Hot below, cold above, and the whole drink happens at the border.
History
The origin is unusually well attested: Sheridan ran the restaurant at Foynes, the seaplane port serving transatlantic flights, and his whiskey-laced coffee for weather-delayed travelers followed the operation to the new Shannon Airport. In 1952, travel writer Stanton Delaplane carried the idea to the Buena Vista Cafe in San Francisco, where he and the owners spent a night perfecting the cream float; the Buena Vista has poured them more or less continuously since — by the thousands per day — and Sheridan himself eventually emigrated to work there.
The Spec
Proportions are simple: a standard pour of Irish whiskey, twice as much strong hot coffee, brown sugar to dissolve, cream on top. The sugar isn't only for sweetness — it raises the coffee's density so the cream floats cleanly.
The Cream Is a Technique
Heavy cream, whipped only until it thickens to pourable ribbons — stiff whipped cream sits like a dessert topping, unwhipped cream sinks. Pour it over the back of a warm spoon so it settles into a distinct half-inch layer. This is the entire skill of the drink; everything else is assembly.

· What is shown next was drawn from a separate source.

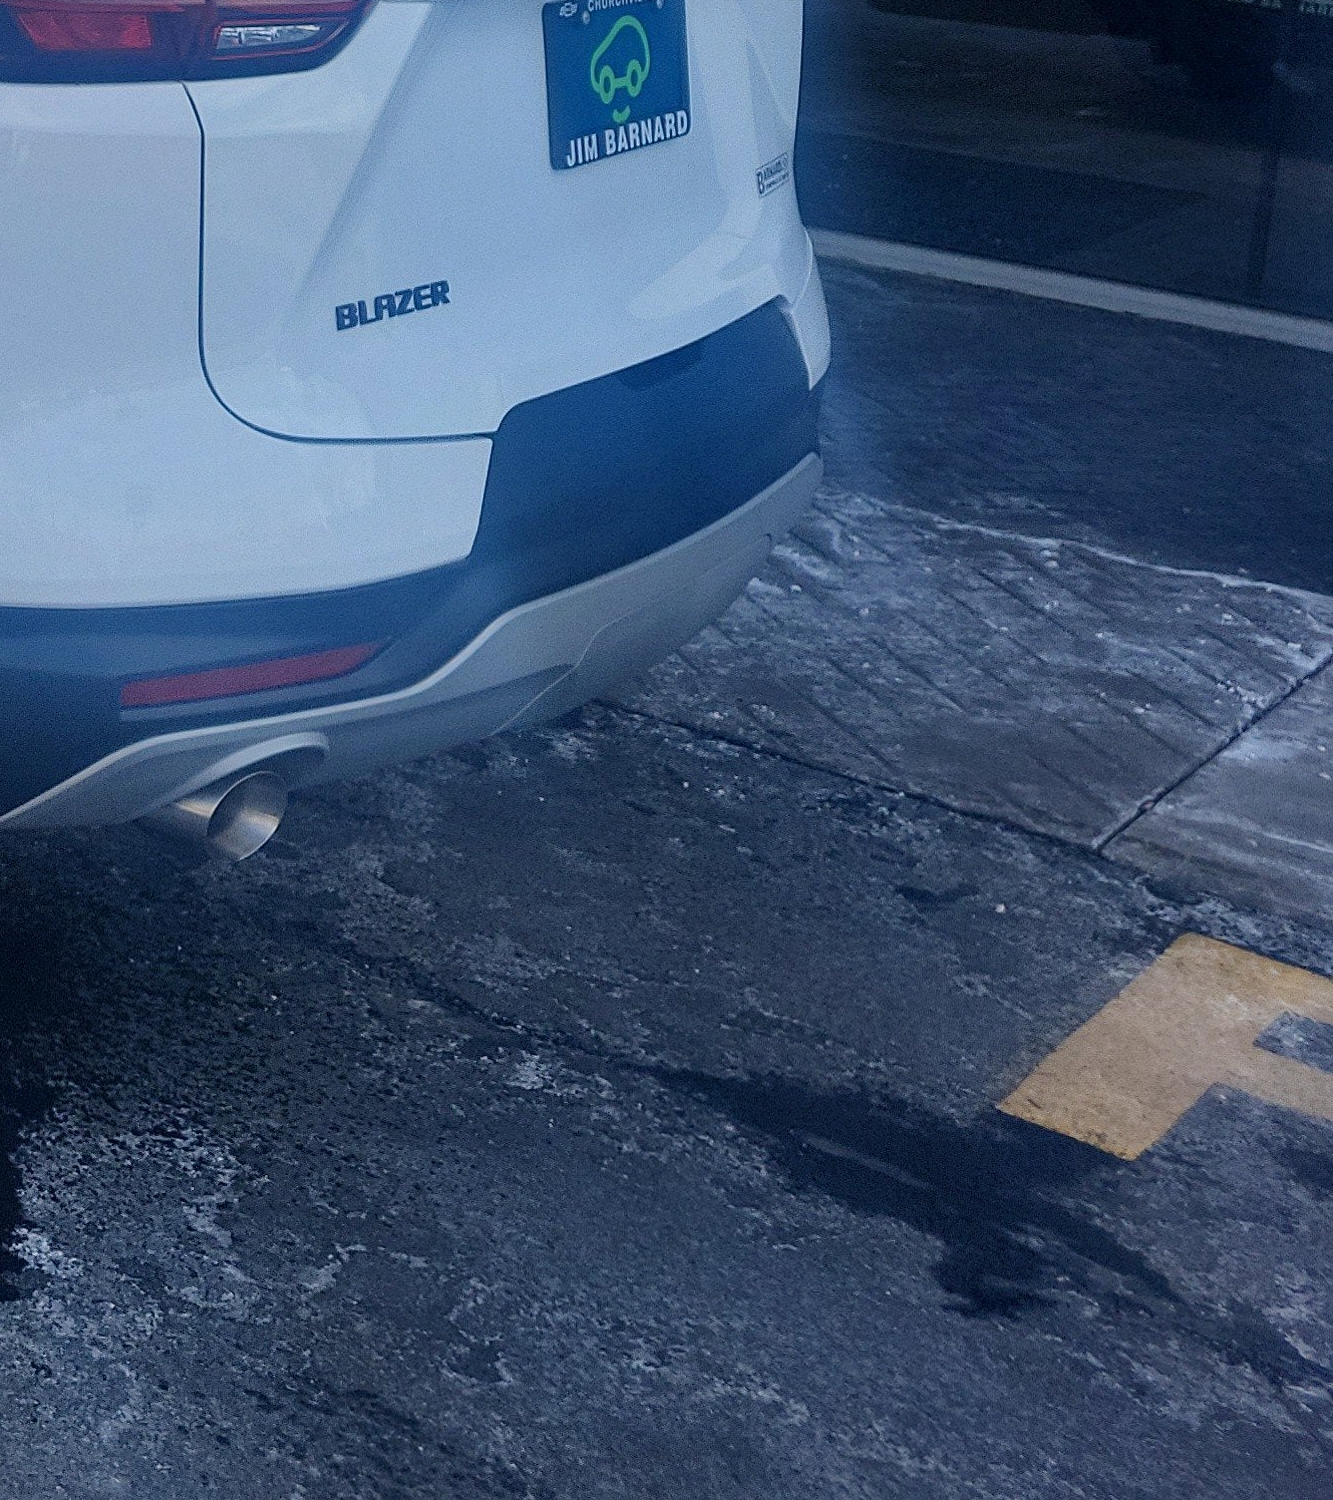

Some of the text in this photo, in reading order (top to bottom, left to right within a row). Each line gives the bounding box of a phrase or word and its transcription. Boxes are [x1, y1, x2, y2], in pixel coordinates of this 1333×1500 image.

[566, 109, 688, 168] JIM BARNARD
[335, 280, 451, 331] BLAZER

Coffee and Whiskey Choices
A smooth blended Irish whiskey is traditional and correct — its soft grain character folds into coffee without a fight. Brew the coffee strong and fresh; it's two-thirds of the glass, and a stale pot has no whiskey cure.
Bottom Line
The Irish Coffee is hospitality distilled: hot, sweet, strong, and finished with a flourish anyone can learn and few bother to. Do not stir it, do not use canned cream, and do not save it for winter only — the Buena Vista sells them in July.